#### Problem details
Give the records below again, word for word. No pictures belong in the copy.

[Free-text object descriptions]
_ _ _
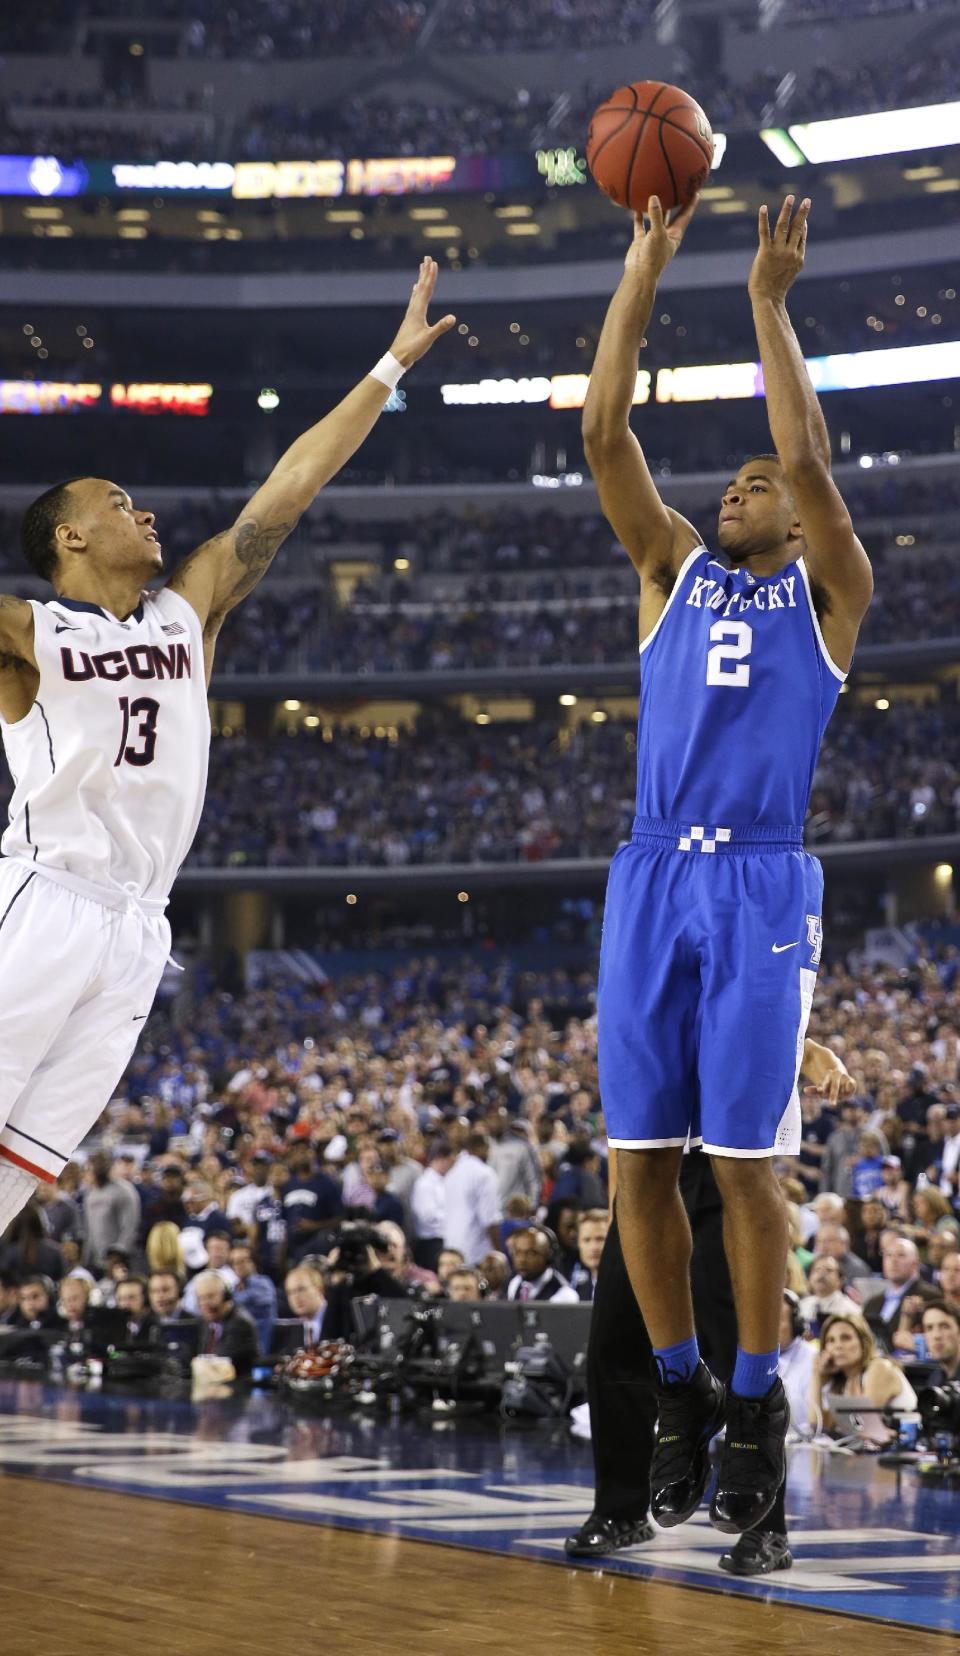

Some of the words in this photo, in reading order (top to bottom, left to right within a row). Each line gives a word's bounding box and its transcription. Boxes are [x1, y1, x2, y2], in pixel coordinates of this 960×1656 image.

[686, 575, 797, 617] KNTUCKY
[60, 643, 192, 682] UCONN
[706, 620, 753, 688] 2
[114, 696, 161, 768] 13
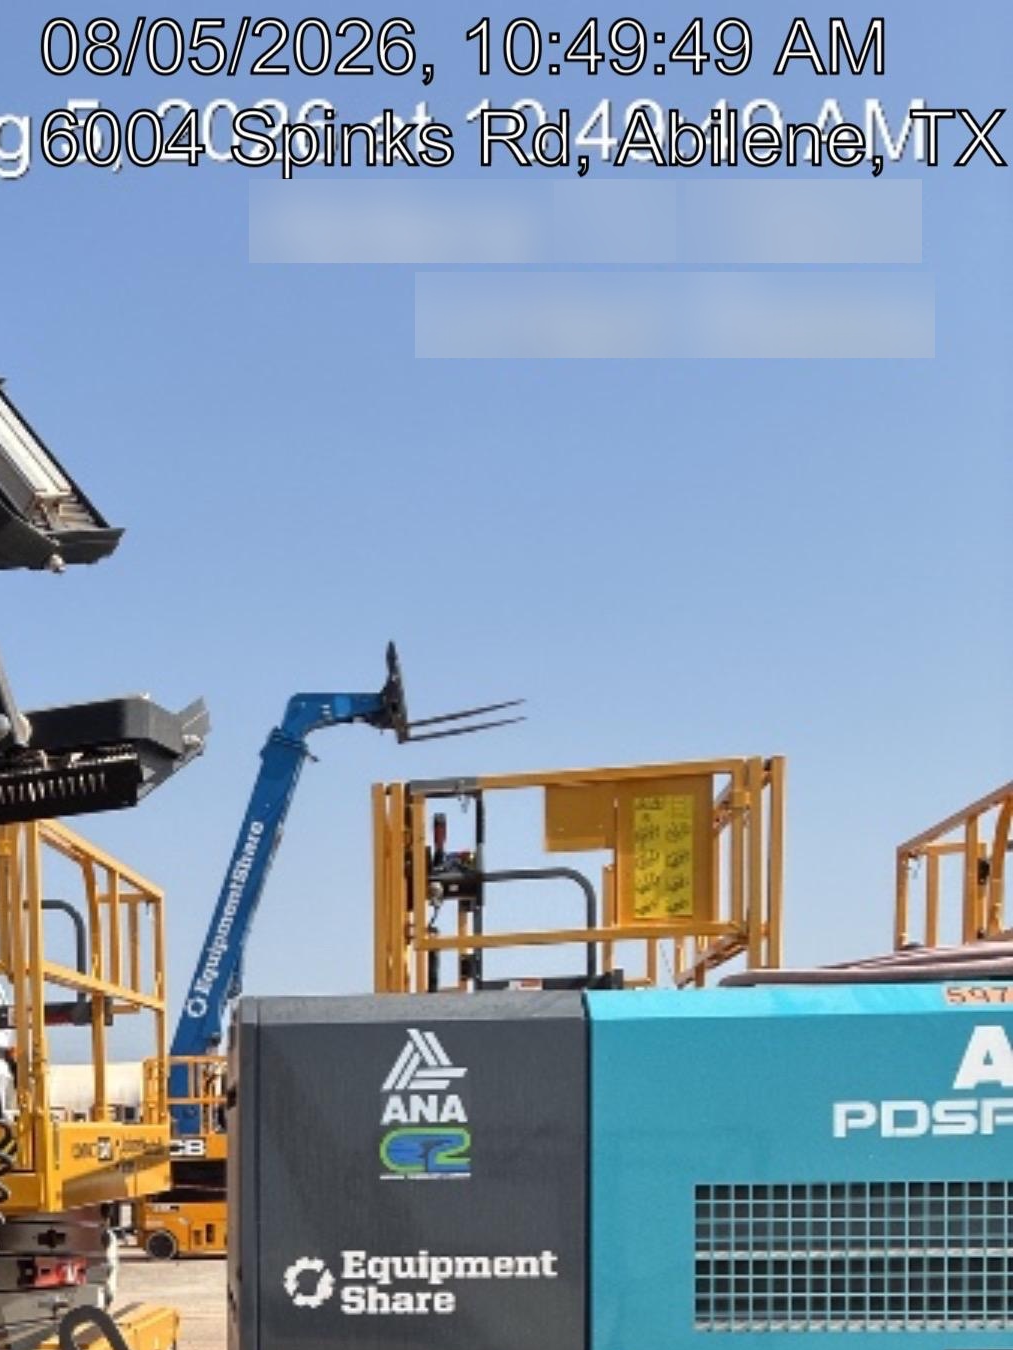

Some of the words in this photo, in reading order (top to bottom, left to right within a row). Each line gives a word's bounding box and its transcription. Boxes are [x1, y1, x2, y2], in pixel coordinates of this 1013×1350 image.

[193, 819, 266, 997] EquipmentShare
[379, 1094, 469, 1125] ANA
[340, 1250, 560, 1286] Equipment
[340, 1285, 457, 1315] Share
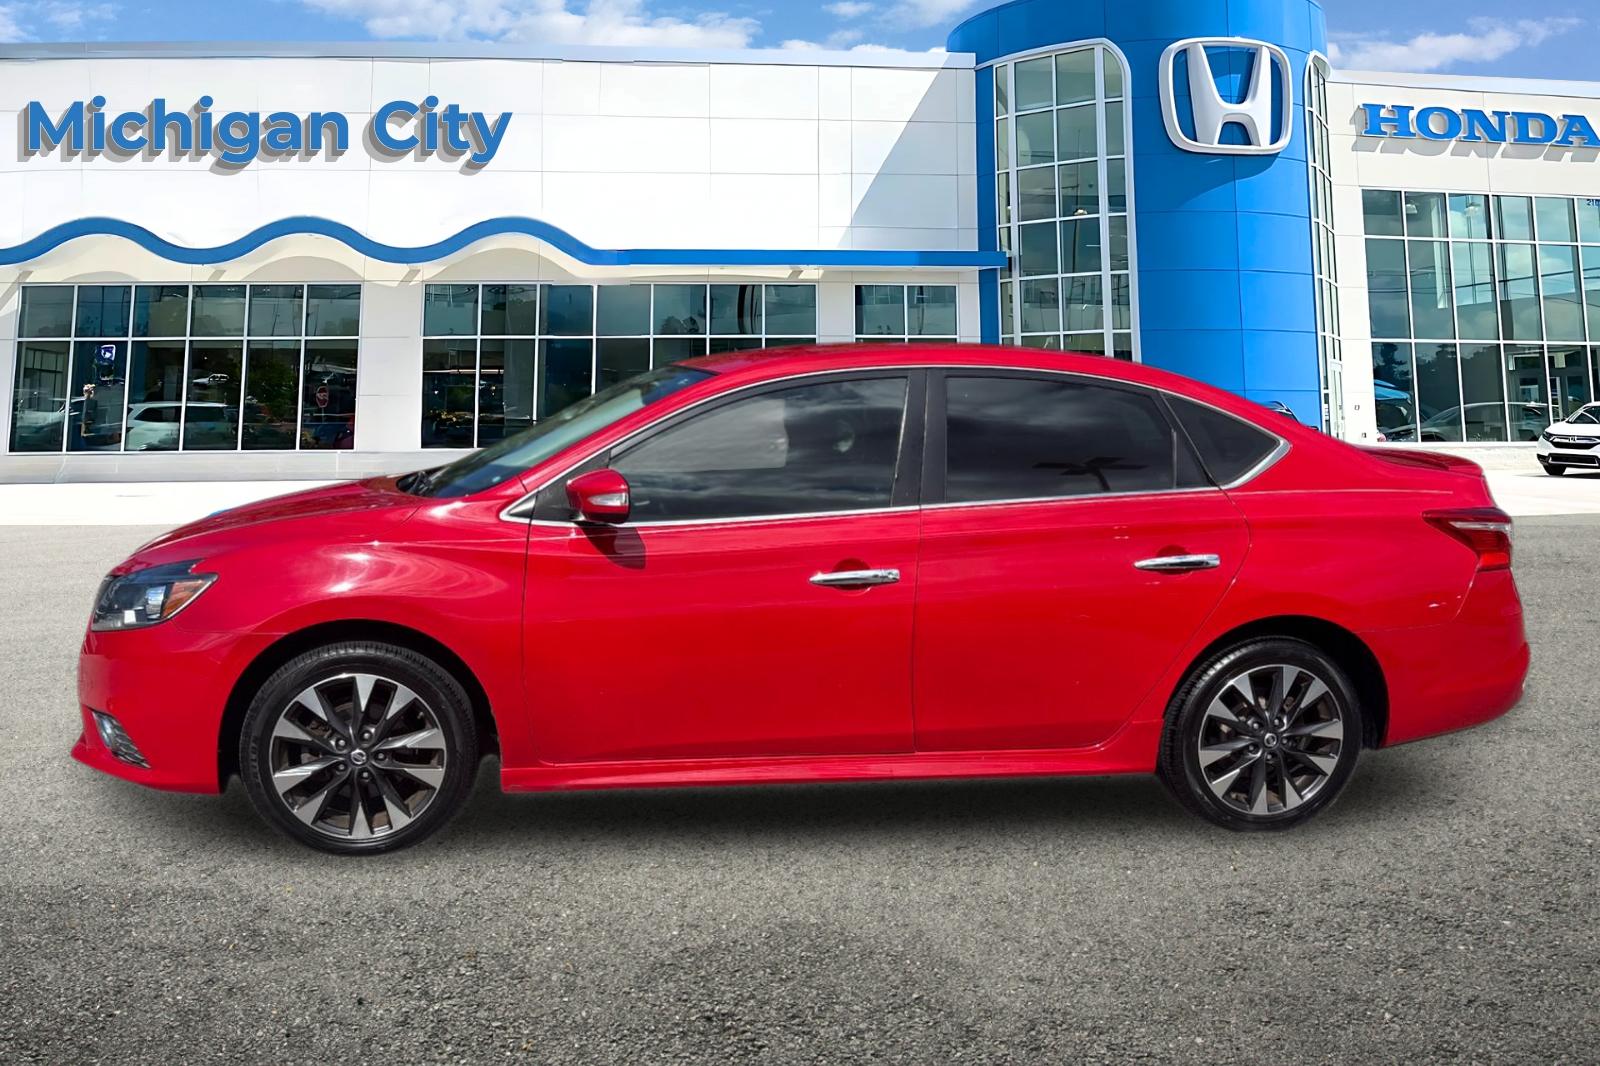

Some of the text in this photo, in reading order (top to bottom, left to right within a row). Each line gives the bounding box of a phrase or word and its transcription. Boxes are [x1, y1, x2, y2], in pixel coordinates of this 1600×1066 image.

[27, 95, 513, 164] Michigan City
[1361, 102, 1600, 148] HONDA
_ _ _
#### Response box
Some of the words in this photo, in reading order (top to bottom, left to right within a row). Each line gives a word's bounding box and its transcription. Boxes are [x1, y1, x2, y2], in pixel coordinates of this 960×1656 image.

[686, 575, 797, 617] KNTUCKY
[60, 643, 192, 682] UCONN
[706, 620, 753, 688] 2
[114, 696, 161, 768] 13

Some of the words in this photo, in reading order (top to bottom, left to right within a row). Each line gives a word's bounding box and its transcription. Boxes are [x1, y1, x2, y2], in pixel coordinates of this 1013×1350 image.

[193, 819, 266, 997] EquipmentShare
[379, 1094, 469, 1125] ANA
[340, 1250, 560, 1286] Equipment
[340, 1285, 457, 1315] Share

Some of the text in this photo, in reading order (top to bottom, left to right within a row). Each line gives the bounding box of a phrase or word and its transcription. Boxes are [x1, y1, x2, y2], in pixel coordinates of this 1600×1066 image.

[27, 95, 513, 164] Michigan City
[1361, 102, 1600, 148] HONDA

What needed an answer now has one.